[Data entries]

-- Opening Marker --

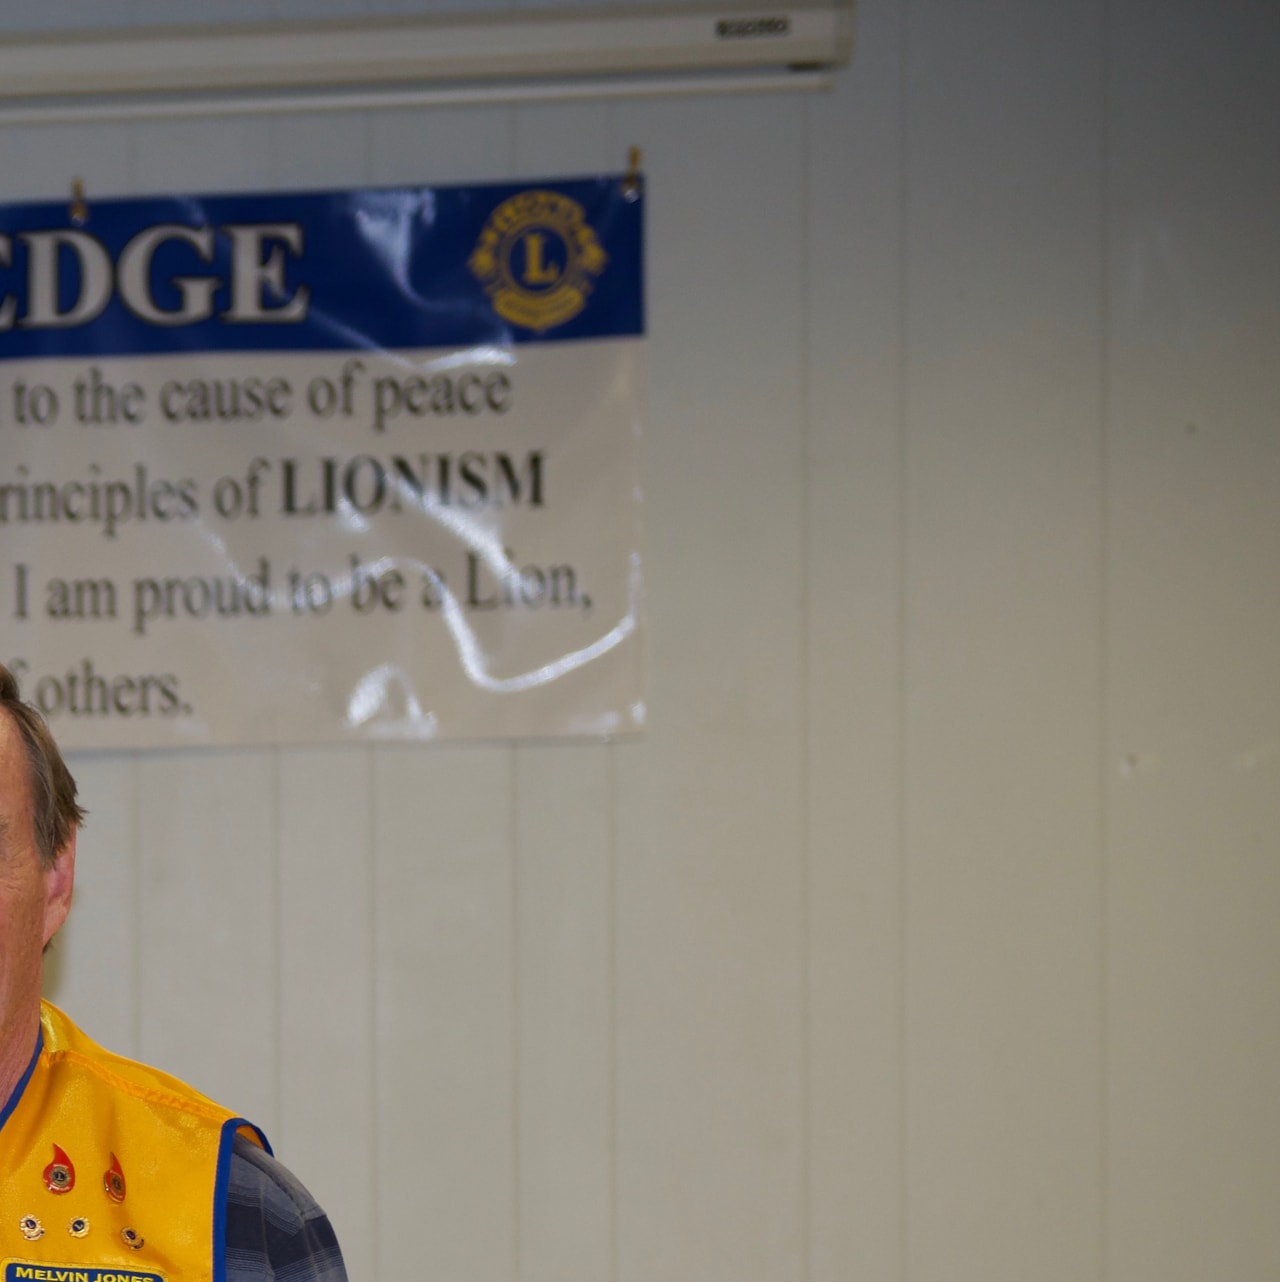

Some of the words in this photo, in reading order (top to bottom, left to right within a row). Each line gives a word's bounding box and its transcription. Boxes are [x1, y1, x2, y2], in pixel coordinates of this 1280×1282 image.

[11, 376, 60, 426] to
[72, 367, 148, 424] the
[159, 375, 293, 422] cause
[307, 362, 370, 418] of
[374, 369, 513, 432] peace
[214, 464, 274, 519] of
[278, 451, 547, 518] LIONISM
[11, 564, 31, 622] I
[45, 577, 117, 621] am
[132, 560, 273, 631] proud
[285, 557, 333, 613] to
[349, 553, 407, 612] be
[418, 568, 448, 608] a
[463, 550, 593, 613] Lion,
[41, 664, 192, 720] others.
[15, 1266, 89, 1282] MELVIN
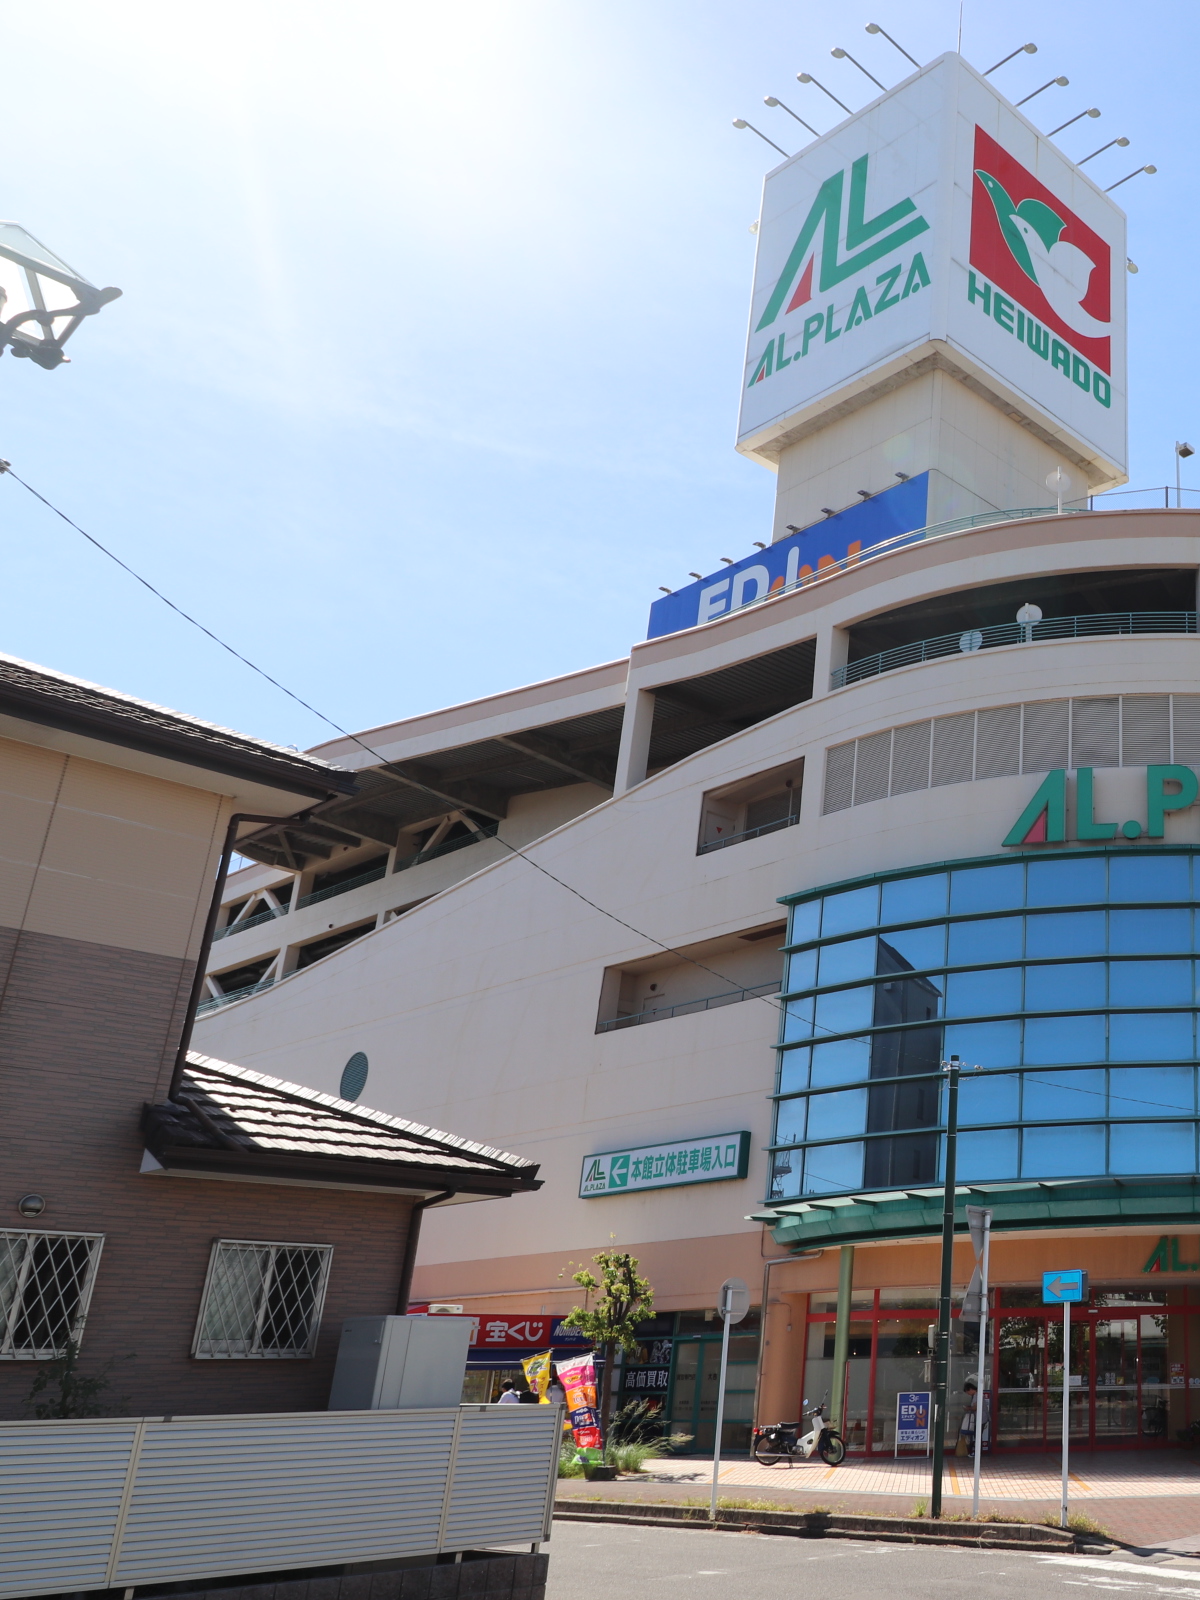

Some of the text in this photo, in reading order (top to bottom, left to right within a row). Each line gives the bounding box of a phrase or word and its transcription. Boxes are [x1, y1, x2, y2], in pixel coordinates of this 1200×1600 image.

-- Closing Marker --

Work instructions:
Retype every entry word for word, but do not carry over the pictures.

Task answer:
Some of the words in this photo, in reading order (top to bottom, left to right within a row). Each line gives a word's bounding box and its transcription. Boxes are [x1, y1, x2, y2], in pixel coordinates of this 1280×1282 image.

[11, 376, 60, 426] to
[72, 367, 148, 424] the
[159, 375, 293, 422] cause
[307, 362, 370, 418] of
[374, 369, 513, 432] peace
[214, 464, 274, 519] of
[278, 451, 547, 518] LIONISM
[11, 564, 31, 622] I
[45, 577, 117, 621] am
[132, 560, 273, 631] proud
[285, 557, 333, 613] to
[349, 553, 407, 612] be
[418, 568, 448, 608] a
[463, 550, 593, 613] Lion,
[41, 664, 192, 720] others.
[15, 1266, 89, 1282] MELVIN

Some of the text in this photo, in reading order (top to bottom, left to right within a row). Each line gives the bounding box of a phrase or word and its transcription. Boxes are [x1, y1, x2, y2], in pixel coordinates of this 1200×1600 image.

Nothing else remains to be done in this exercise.